Problem requirements: Set down each entry exactly as given; pictures should not appear in the copy.

---- Record set

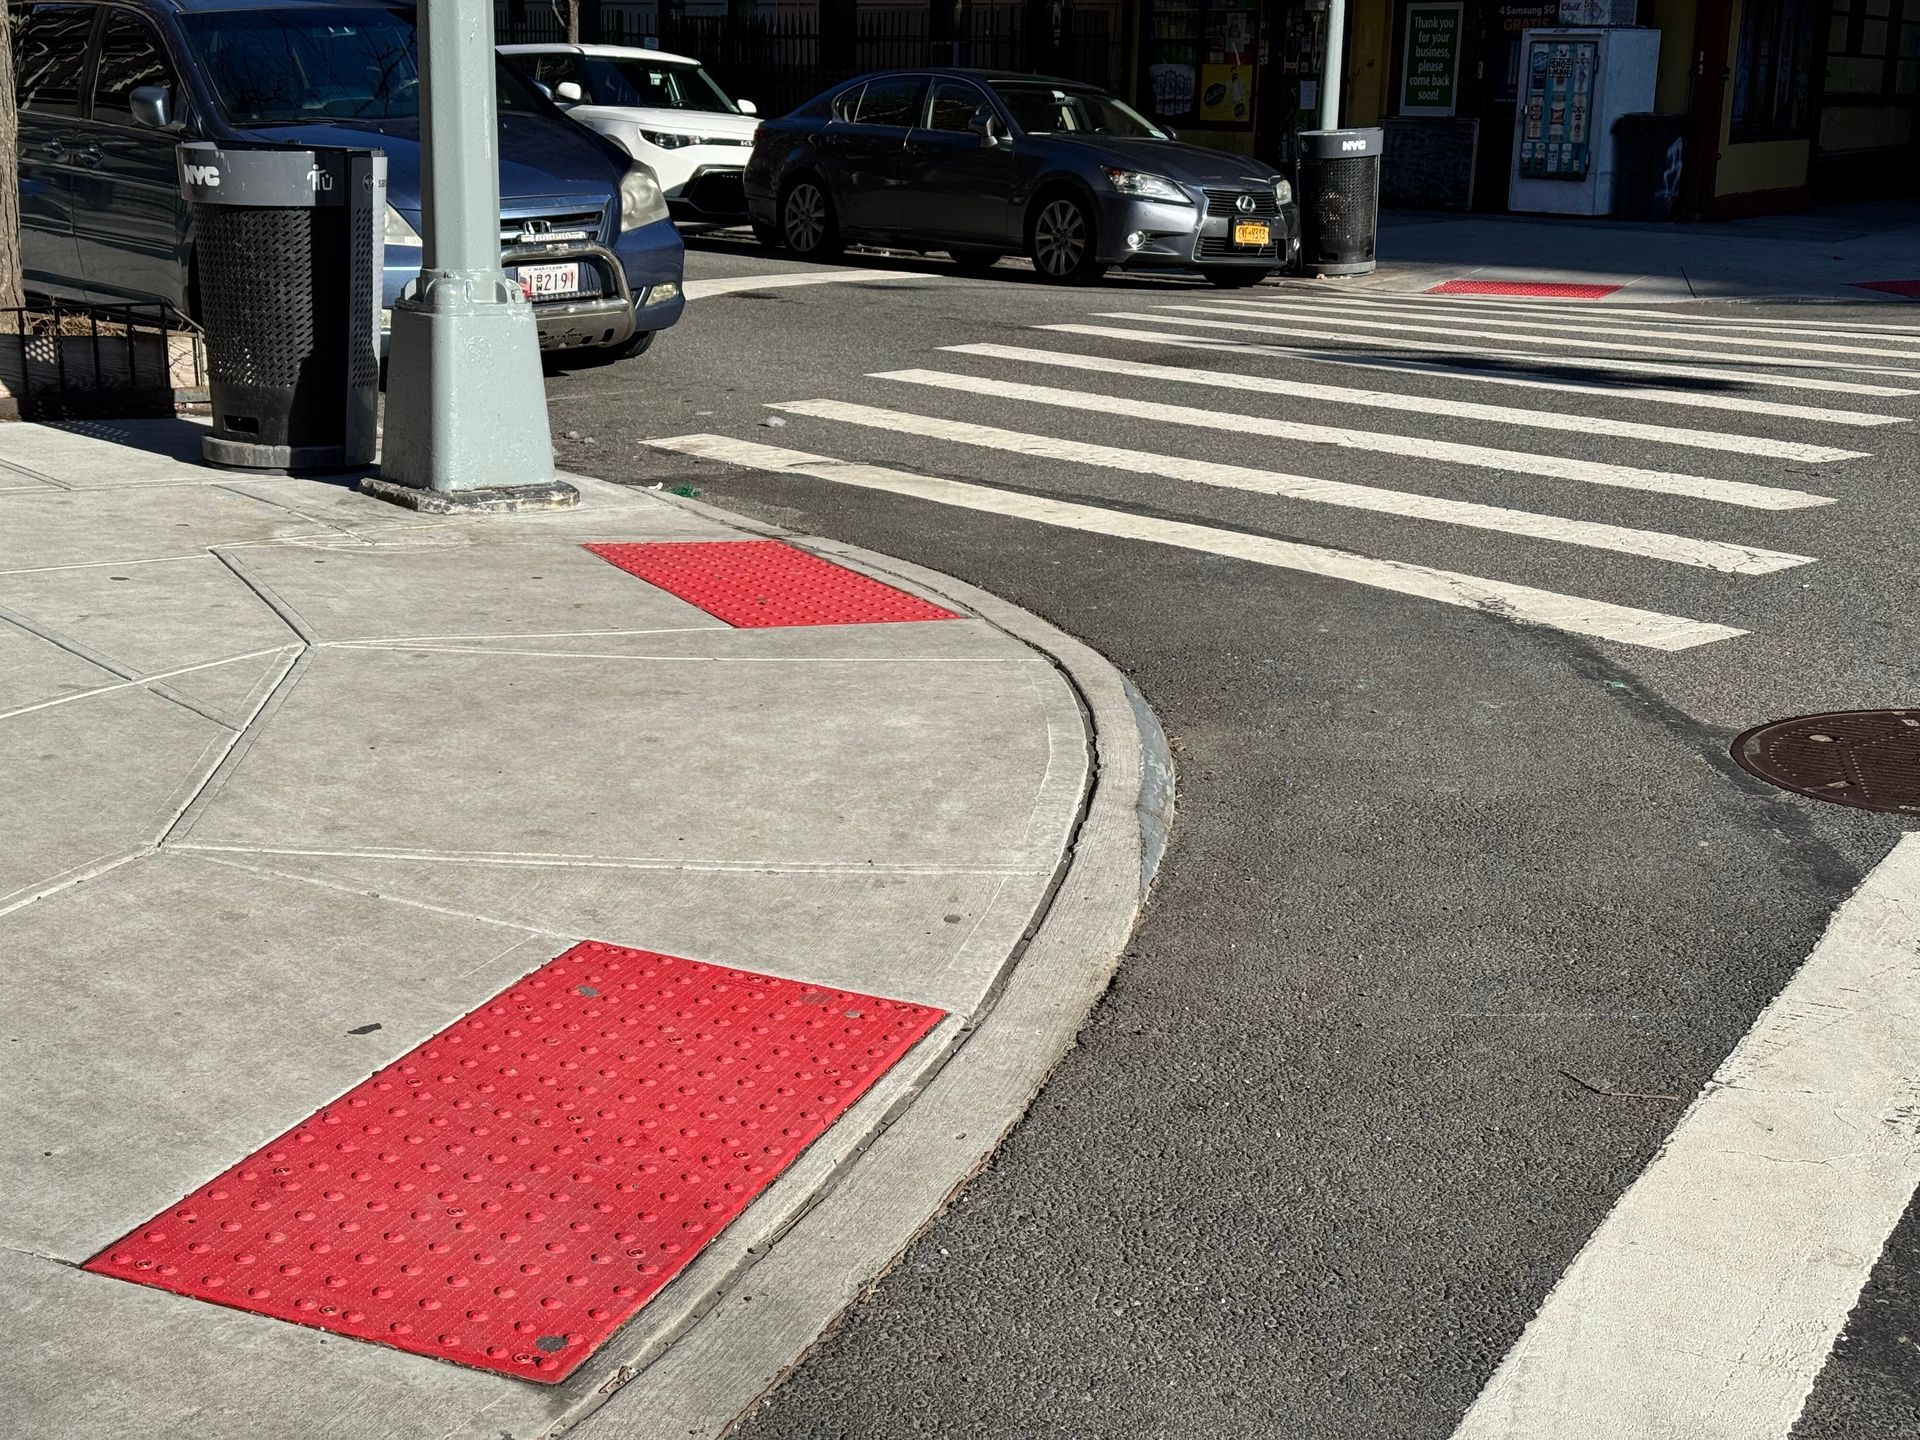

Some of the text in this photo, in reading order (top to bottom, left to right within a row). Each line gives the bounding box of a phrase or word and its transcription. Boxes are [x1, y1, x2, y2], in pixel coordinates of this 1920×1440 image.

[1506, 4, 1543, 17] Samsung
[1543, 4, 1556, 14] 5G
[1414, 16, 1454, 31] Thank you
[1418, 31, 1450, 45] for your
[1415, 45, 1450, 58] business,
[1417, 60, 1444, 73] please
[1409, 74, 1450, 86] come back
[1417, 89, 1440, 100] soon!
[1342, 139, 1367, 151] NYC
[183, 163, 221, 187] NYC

--------

Written response:
Some of the text in this photo, in reading order (top to bottom, left to right within a row). Each line gives the bounding box of a phrase or word and its transcription. Boxes are [x1, y1, x2, y2], in pixel coordinates of this 1920×1440 image.

[1506, 4, 1543, 17] Samsung
[1543, 4, 1556, 14] 5G
[1414, 16, 1454, 31] Thank you
[1418, 31, 1450, 45] for your
[1415, 45, 1450, 58] business,
[1417, 60, 1444, 73] please
[1409, 74, 1450, 86] come back
[1417, 89, 1440, 100] soon!
[1342, 139, 1367, 151] NYC
[183, 163, 221, 187] NYC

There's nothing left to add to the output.